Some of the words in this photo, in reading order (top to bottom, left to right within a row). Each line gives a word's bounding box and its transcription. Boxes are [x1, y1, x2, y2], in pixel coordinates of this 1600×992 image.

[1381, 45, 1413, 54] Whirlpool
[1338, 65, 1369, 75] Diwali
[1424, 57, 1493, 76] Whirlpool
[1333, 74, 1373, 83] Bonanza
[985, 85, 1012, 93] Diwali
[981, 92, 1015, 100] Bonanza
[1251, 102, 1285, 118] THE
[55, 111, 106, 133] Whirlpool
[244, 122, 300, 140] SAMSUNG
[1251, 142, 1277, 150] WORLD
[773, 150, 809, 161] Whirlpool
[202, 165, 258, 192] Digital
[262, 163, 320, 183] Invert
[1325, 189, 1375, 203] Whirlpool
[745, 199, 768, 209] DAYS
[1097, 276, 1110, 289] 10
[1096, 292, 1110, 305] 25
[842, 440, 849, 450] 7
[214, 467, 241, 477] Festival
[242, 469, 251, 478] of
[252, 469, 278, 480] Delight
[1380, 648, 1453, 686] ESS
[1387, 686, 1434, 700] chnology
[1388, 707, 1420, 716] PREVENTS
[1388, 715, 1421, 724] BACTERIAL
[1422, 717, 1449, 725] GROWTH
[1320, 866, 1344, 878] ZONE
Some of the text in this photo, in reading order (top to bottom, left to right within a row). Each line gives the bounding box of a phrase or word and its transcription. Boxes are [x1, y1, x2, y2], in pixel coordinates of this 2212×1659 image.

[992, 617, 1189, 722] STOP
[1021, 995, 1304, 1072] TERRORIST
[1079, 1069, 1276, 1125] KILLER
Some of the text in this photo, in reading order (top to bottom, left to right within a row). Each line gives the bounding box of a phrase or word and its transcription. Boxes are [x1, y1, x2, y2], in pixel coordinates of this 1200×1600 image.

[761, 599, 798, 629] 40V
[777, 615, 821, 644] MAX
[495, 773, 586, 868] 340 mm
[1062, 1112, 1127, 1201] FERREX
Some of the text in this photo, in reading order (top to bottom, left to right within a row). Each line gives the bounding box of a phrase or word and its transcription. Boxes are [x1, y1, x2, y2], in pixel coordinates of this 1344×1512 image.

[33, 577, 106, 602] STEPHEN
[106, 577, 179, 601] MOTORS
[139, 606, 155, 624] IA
______________________________
Directions: Repeat the listing above word for word, with no line missing.

Written response:
Some of the words in this photo, in reading order (top to bottom, left to right within a row). Each line gives a word's bounding box and its transcription. Boxes are [x1, y1, x2, y2], in pixel coordinates of this 1600×992 image.

[1381, 45, 1413, 54] Whirlpool
[1338, 65, 1369, 75] Diwali
[1424, 57, 1493, 76] Whirlpool
[1333, 74, 1373, 83] Bonanza
[985, 85, 1012, 93] Diwali
[981, 92, 1015, 100] Bonanza
[1251, 102, 1285, 118] THE
[55, 111, 106, 133] Whirlpool
[244, 122, 300, 140] SAMSUNG
[1251, 142, 1277, 150] WORLD
[773, 150, 809, 161] Whirlpool
[202, 165, 258, 192] Digital
[262, 163, 320, 183] Invert
[1325, 189, 1375, 203] Whirlpool
[745, 199, 768, 209] DAYS
[1097, 276, 1110, 289] 10
[1096, 292, 1110, 305] 25
[842, 440, 849, 450] 7
[214, 467, 241, 477] Festival
[242, 469, 251, 478] of
[252, 469, 278, 480] Delight
[1380, 648, 1453, 686] ESS
[1387, 686, 1434, 700] chnology
[1388, 707, 1420, 716] PREVENTS
[1388, 715, 1421, 724] BACTERIAL
[1422, 717, 1449, 725] GROWTH
[1320, 866, 1344, 878] ZONE
Some of the text in this photo, in reading order (top to bottom, left to right within a row). Each line gives the bounding box of a phrase or word and its transcription. Boxes are [x1, y1, x2, y2], in pixel coordinates of this 2212×1659 image.

[992, 617, 1189, 722] STOP
[1021, 995, 1304, 1072] TERRORIST
[1079, 1069, 1276, 1125] KILLER
Some of the text in this photo, in reading order (top to bottom, left to right within a row). Each line gives the bounding box of a phrase or word and its transcription. Boxes are [x1, y1, x2, y2], in pixel coordinates of this 1200×1600 image.

[761, 599, 798, 629] 40V
[777, 615, 821, 644] MAX
[495, 773, 586, 868] 340 mm
[1062, 1112, 1127, 1201] FERREX
Some of the text in this photo, in reading order (top to bottom, left to right within a row). Each line gives the bounding box of a phrase or word and its transcription. Boxes are [x1, y1, x2, y2], in pixel coordinates of this 1344×1512 image.

[33, 577, 106, 602] STEPHEN
[106, 577, 179, 601] MOTORS
[139, 606, 155, 624] IA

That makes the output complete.